Repeat the data below exactly, dropping any pictures it holds.
===== Entries shown =====
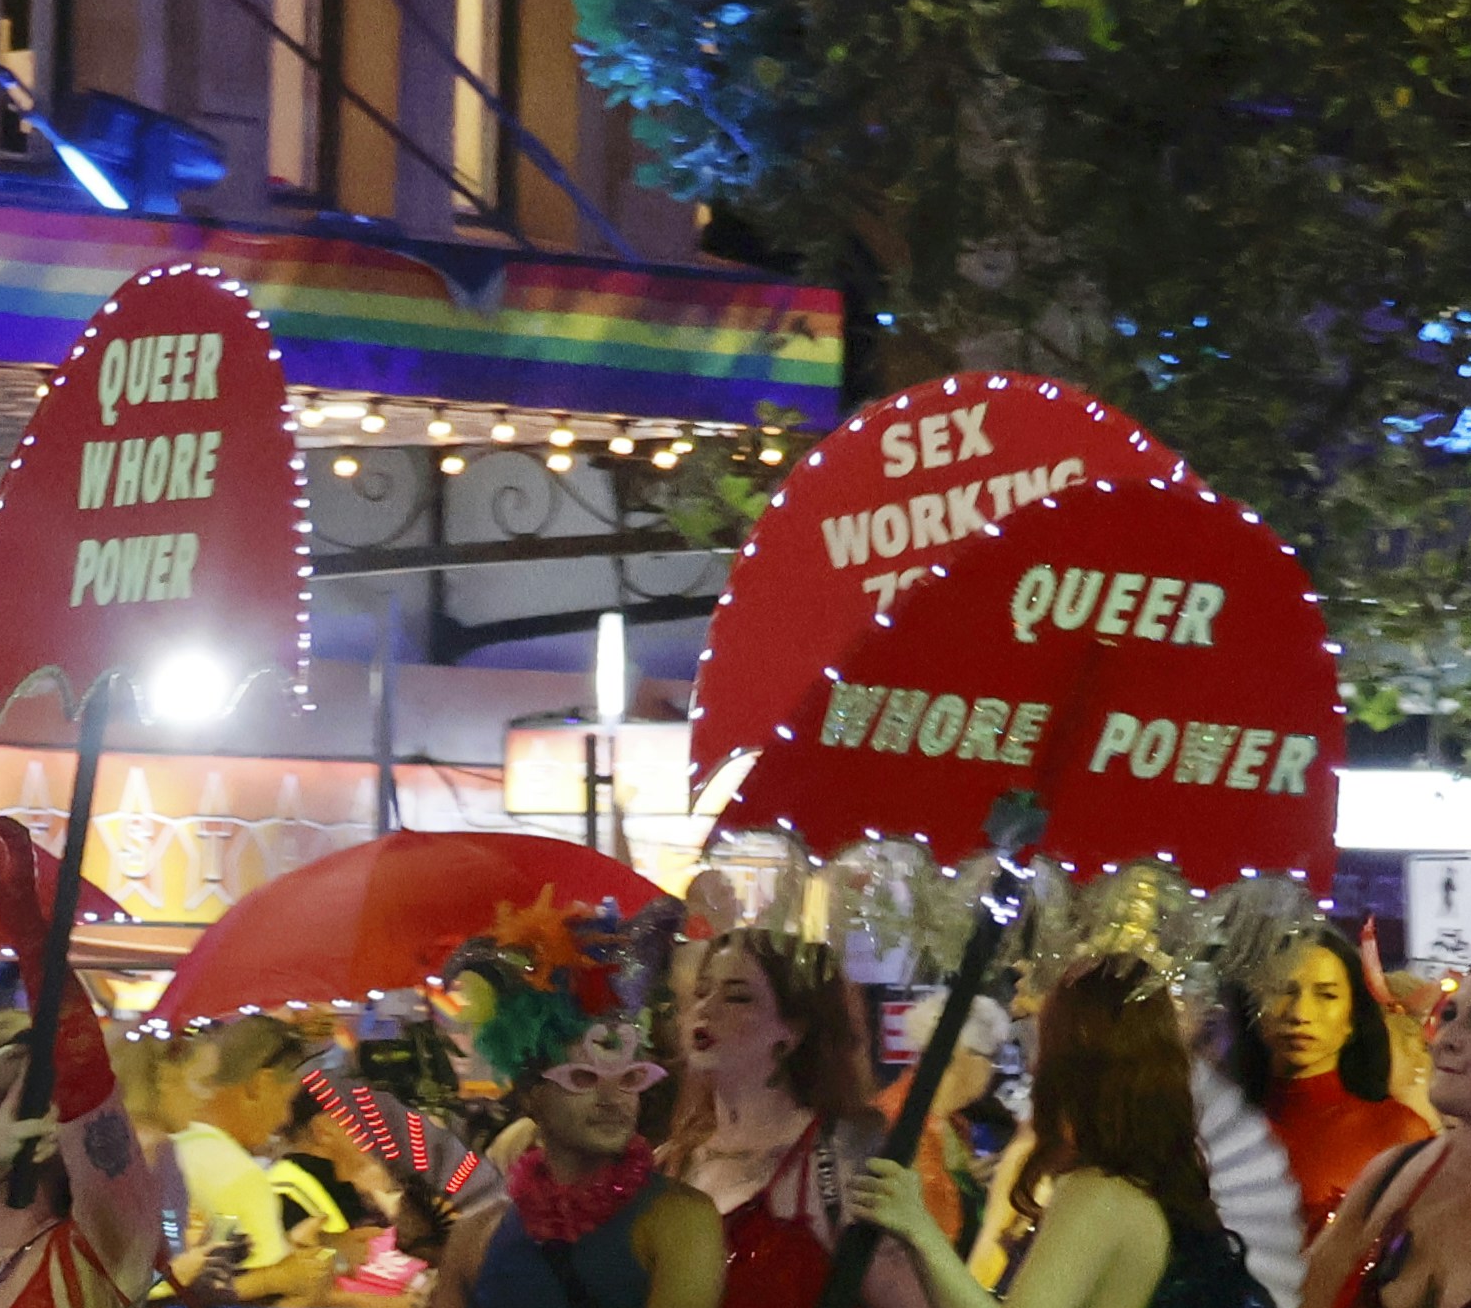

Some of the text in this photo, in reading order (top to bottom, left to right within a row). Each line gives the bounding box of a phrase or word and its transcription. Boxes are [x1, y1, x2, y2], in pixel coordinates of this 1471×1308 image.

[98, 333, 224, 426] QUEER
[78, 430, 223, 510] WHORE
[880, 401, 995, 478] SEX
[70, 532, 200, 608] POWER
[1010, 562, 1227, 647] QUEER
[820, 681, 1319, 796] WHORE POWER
=====
■ **Exercise solution**:
Some of the text in this photo, in reading order (top to bottom, left to right within a row). Each line gives the bounding box of a phrase or word and its transcription. Boxes are [x1, y1, x2, y2], in pixel coordinates of this 1471×1308 image.

[98, 333, 224, 426] QUEER
[78, 430, 223, 510] WHORE
[880, 401, 995, 478] SEX
[70, 532, 200, 608] POWER
[1010, 562, 1227, 647] QUEER
[820, 681, 1319, 796] WHORE POWER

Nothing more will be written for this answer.